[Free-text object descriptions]
☆ ☆ ☆
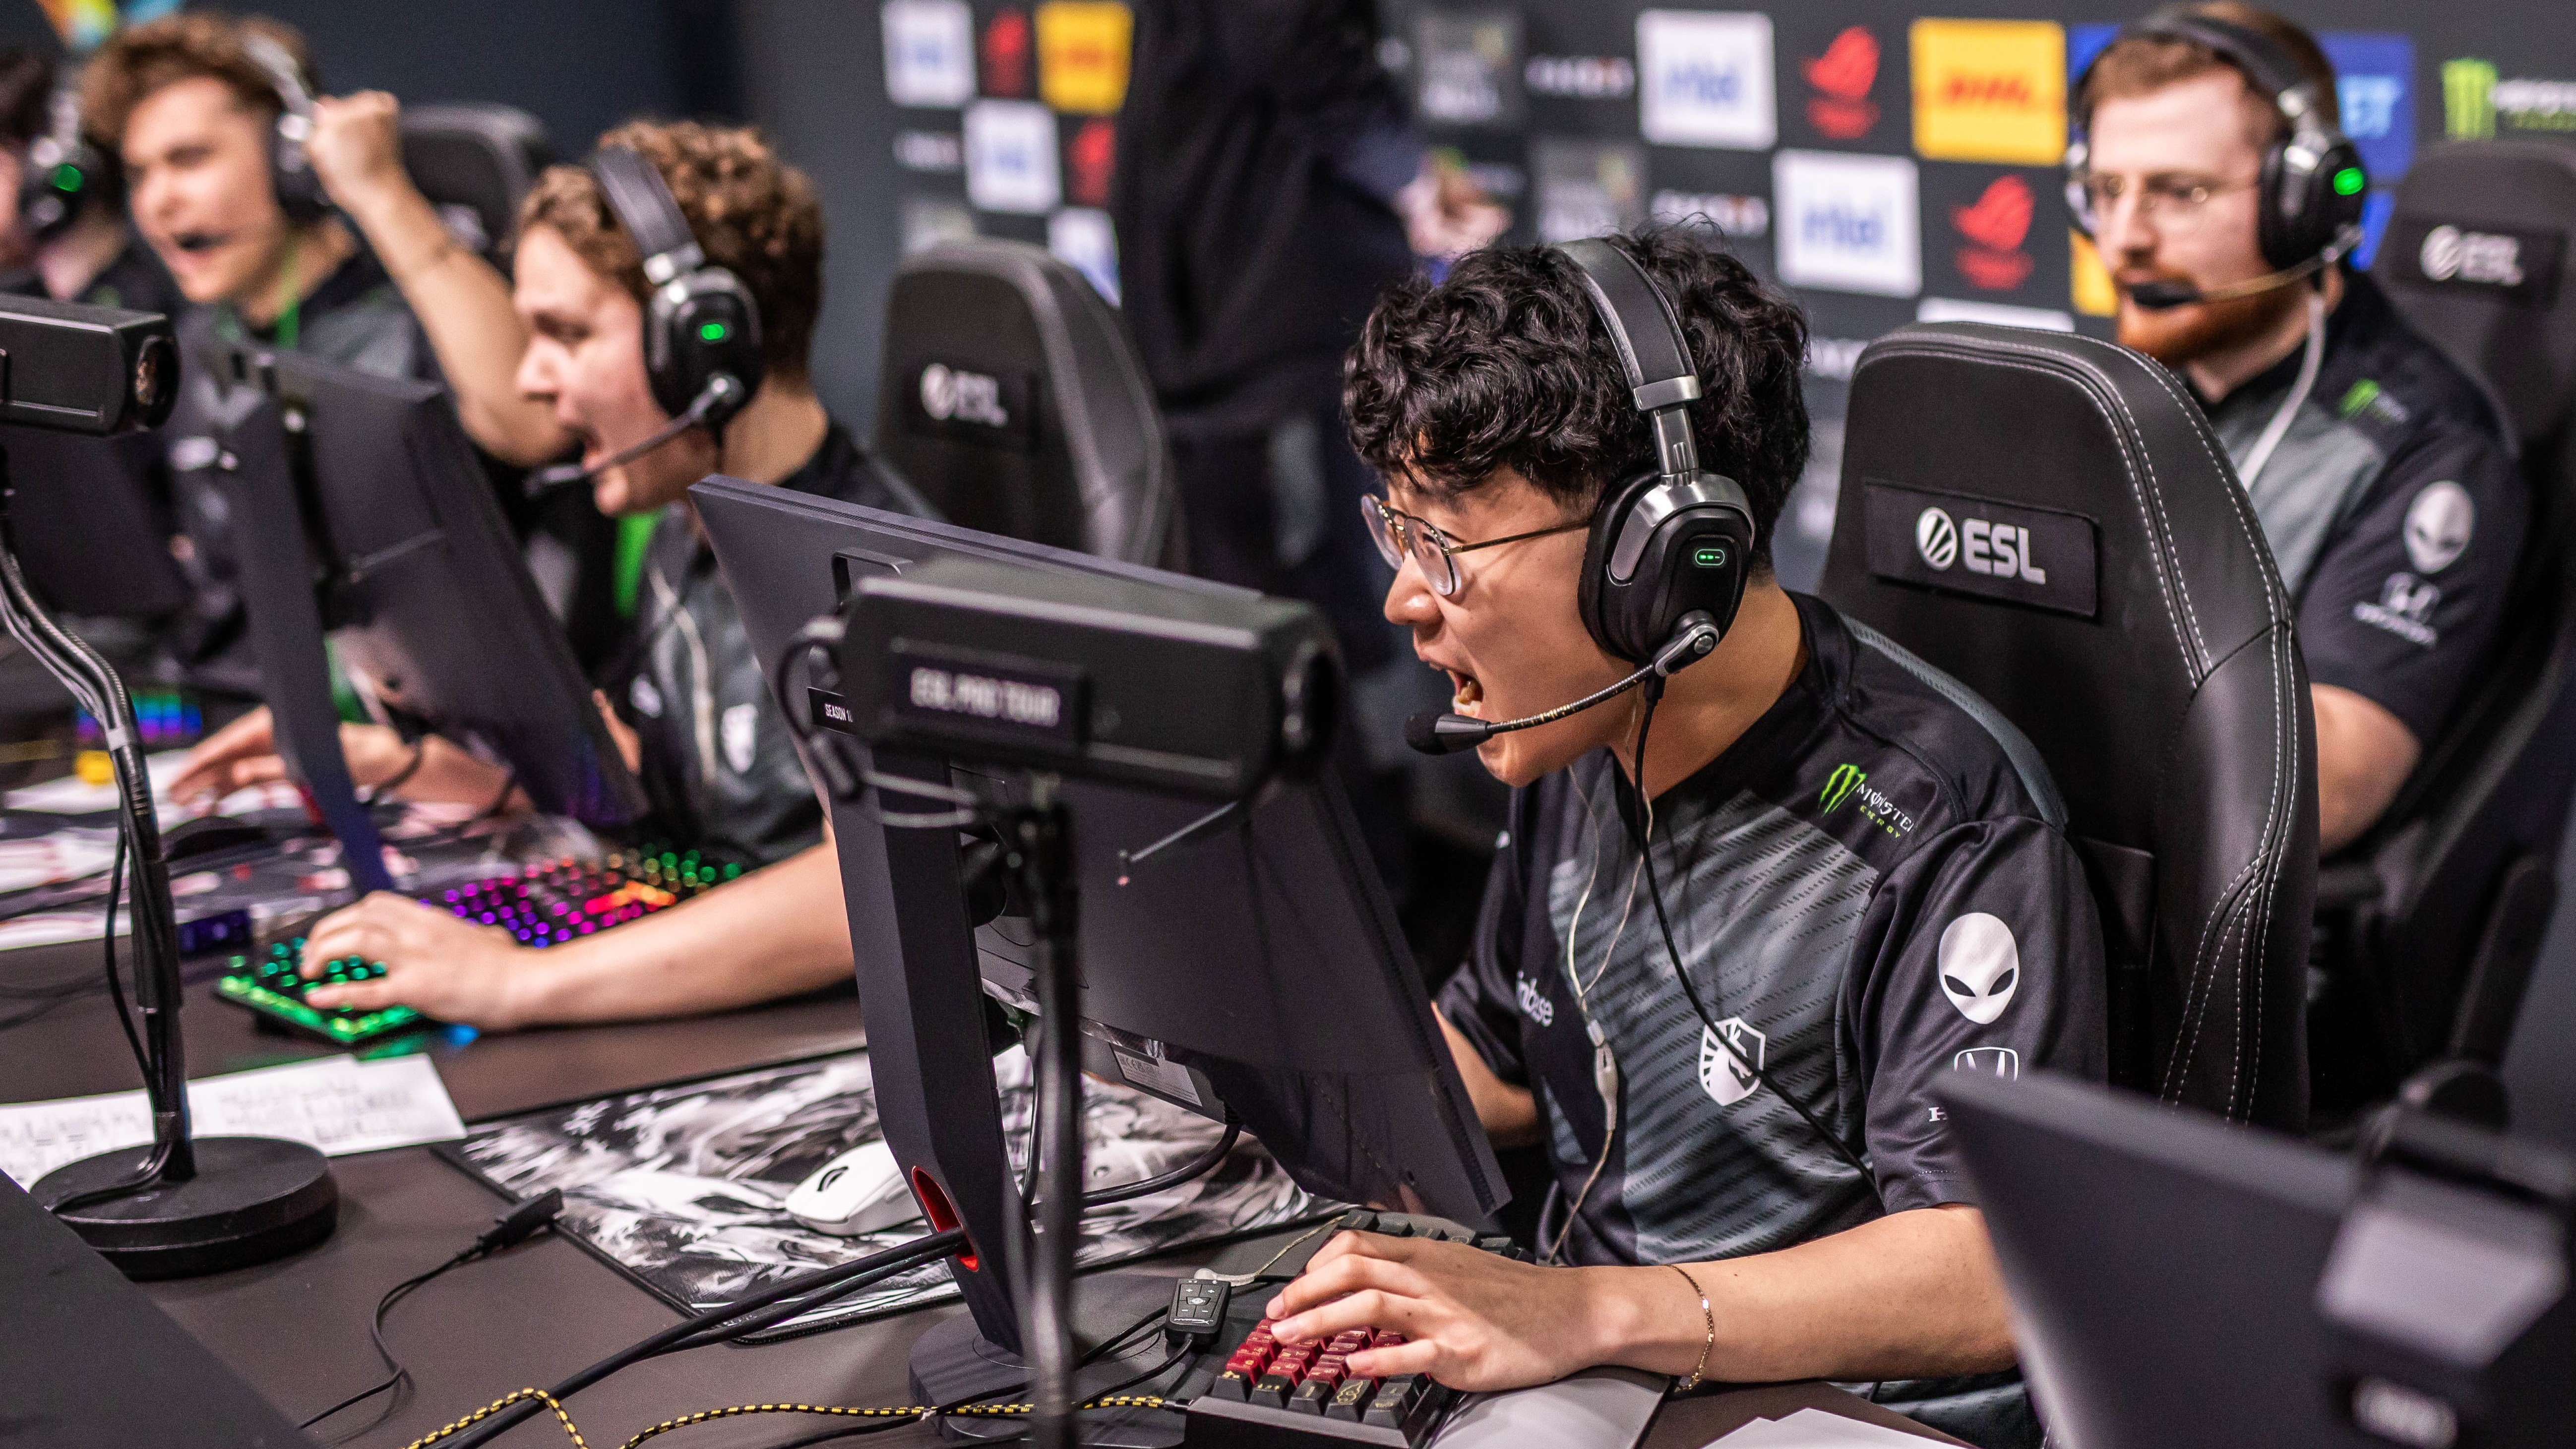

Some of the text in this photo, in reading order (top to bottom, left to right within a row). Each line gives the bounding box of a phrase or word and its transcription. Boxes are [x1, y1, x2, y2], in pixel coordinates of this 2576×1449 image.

[2338, 75, 2397, 139] ET
[1962, 518, 2046, 585] ESL
[824, 703, 847, 722] SEASON
[1857, 783, 1914, 833] MONSTE
☆ ☆ ☆
Whenever images occur above, omit them and retype each line exactly as it stands.

● ANSWER SECTION:
Some of the text in this photo, in reading order (top to bottom, left to right within a row). Each line gives the bounding box of a phrase or word and its transcription. Boxes are [x1, y1, x2, y2], in pixel coordinates of this 2576×1449 image.

[2338, 75, 2397, 139] ET
[1962, 518, 2046, 585] ESL
[824, 703, 847, 722] SEASON
[1857, 783, 1914, 833] MONSTE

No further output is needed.